Bio


Naqui.

In un freddo pomeriggio di dicembre, nella metà esatta degli anni 60 dello scorso secolo.

Crebbi.

All’estremo confine occidentale dell’Italia, terra stretta e difficile, piena di salite e di piccinerie. Con tanta voglia di scappare il prima possibile, pensando che da qualsiasi altra parte sarebbe stato tutto più facile. Semplicemente non era vero.

Viaggiai.

Non solo, anzi poco, in senso letterale ma molto, molto di più, con la mente. Viaggi in compagnia di Herman Hesse e di Pirandello, di Keith Richars e di Charlie Parker.
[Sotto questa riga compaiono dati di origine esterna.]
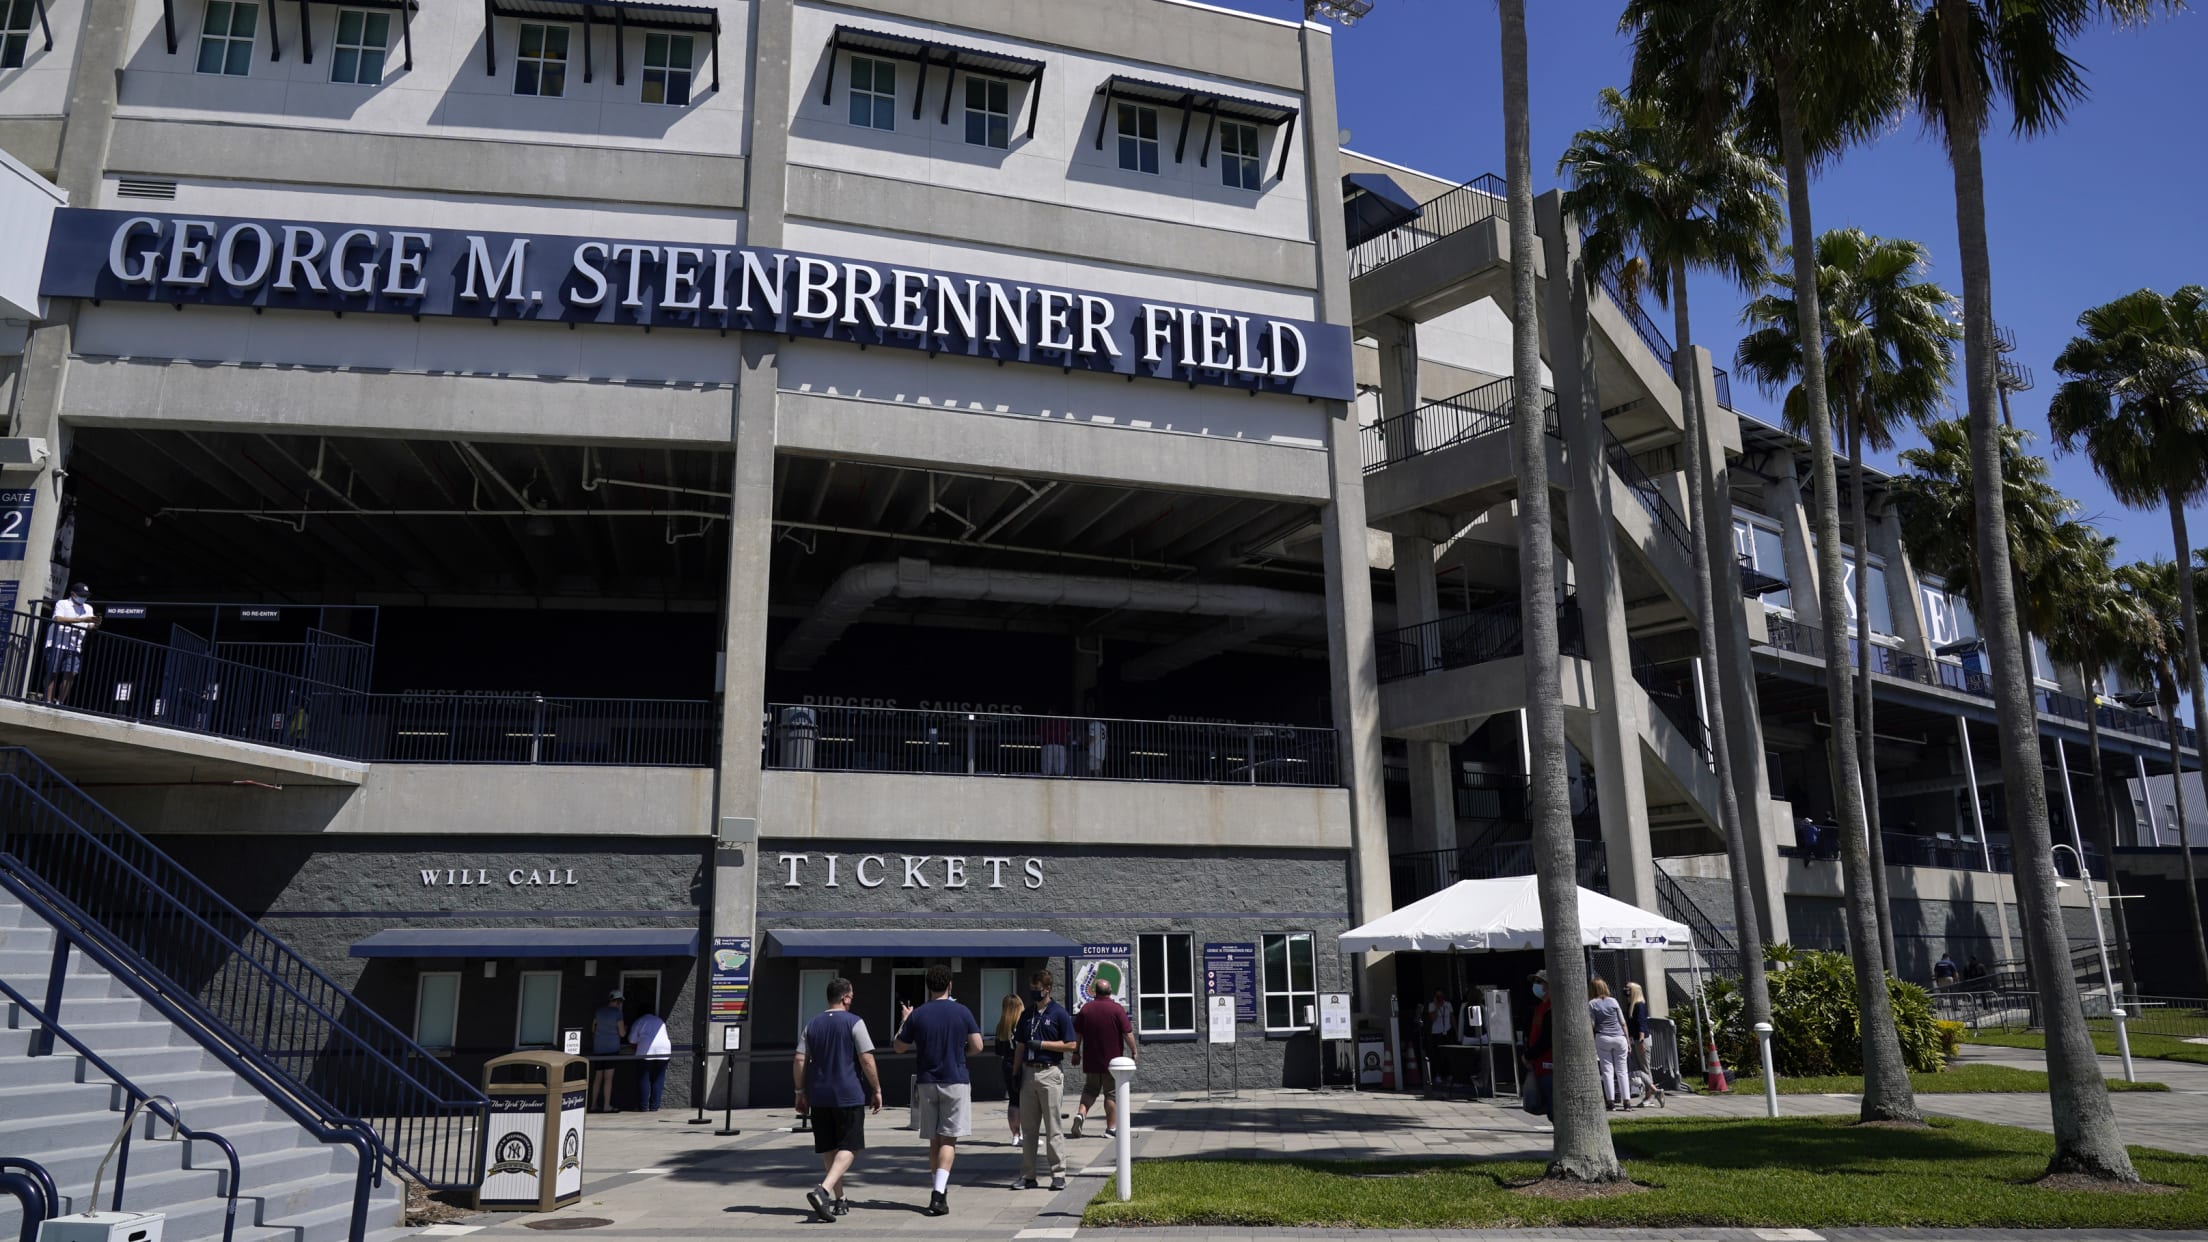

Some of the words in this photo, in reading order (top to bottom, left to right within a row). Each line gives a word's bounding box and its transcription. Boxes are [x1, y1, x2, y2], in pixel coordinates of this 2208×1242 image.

[109, 217, 433, 297] GEORGE
[460, 235, 543, 304] M.
[570, 242, 1122, 357] STEINBRENNER
[1141, 303, 1307, 377] FIELD
[1, 493, 31, 502] GATE
[0, 510, 22, 538] 2
[420, 869, 492, 885] WILL
[508, 869, 578, 885] CALL
[779, 854, 1044, 889] TICKETS
[1083, 946, 1110, 954] ECTORY
[503, 1099, 518, 1111] York
Viaggi, a volte onirici, altre più tangibili.

Amai.

Poco o molto, non importa. Sempre però con passione infinita. E più di ogni cosa mi innamorai della musica. Un amore spesso ricambiato, fatto di abbracci e abbandoni, di “facciamo” e di “ma perché”. Qualche volta in compagnia, più spesso da solo ma è la solitudine che insegna ad amare la compagnia.

Fuggii.

Finalmente via, lontano da tutto, anche dal nero me stesso. A crescere troppo tardi, sempre un passo indietro, senza nessuna resa, senza alcun comrpomesso. Giorni, mesi, anni, decenni. E finalmente seduto, a respirare un poco, per guardare indietro e finalmente poter affermare: “veramente non ho cominato mai un cazzo!”.

Terapie.

Sogni e bisogni, gli uni curati con una varietà di molecole e intrugli, gli altri a spingere per poter essere soddisfatti da un corpo e una mente inadatti a tutto ciò che non sia “sono stanco, riposiamoci”.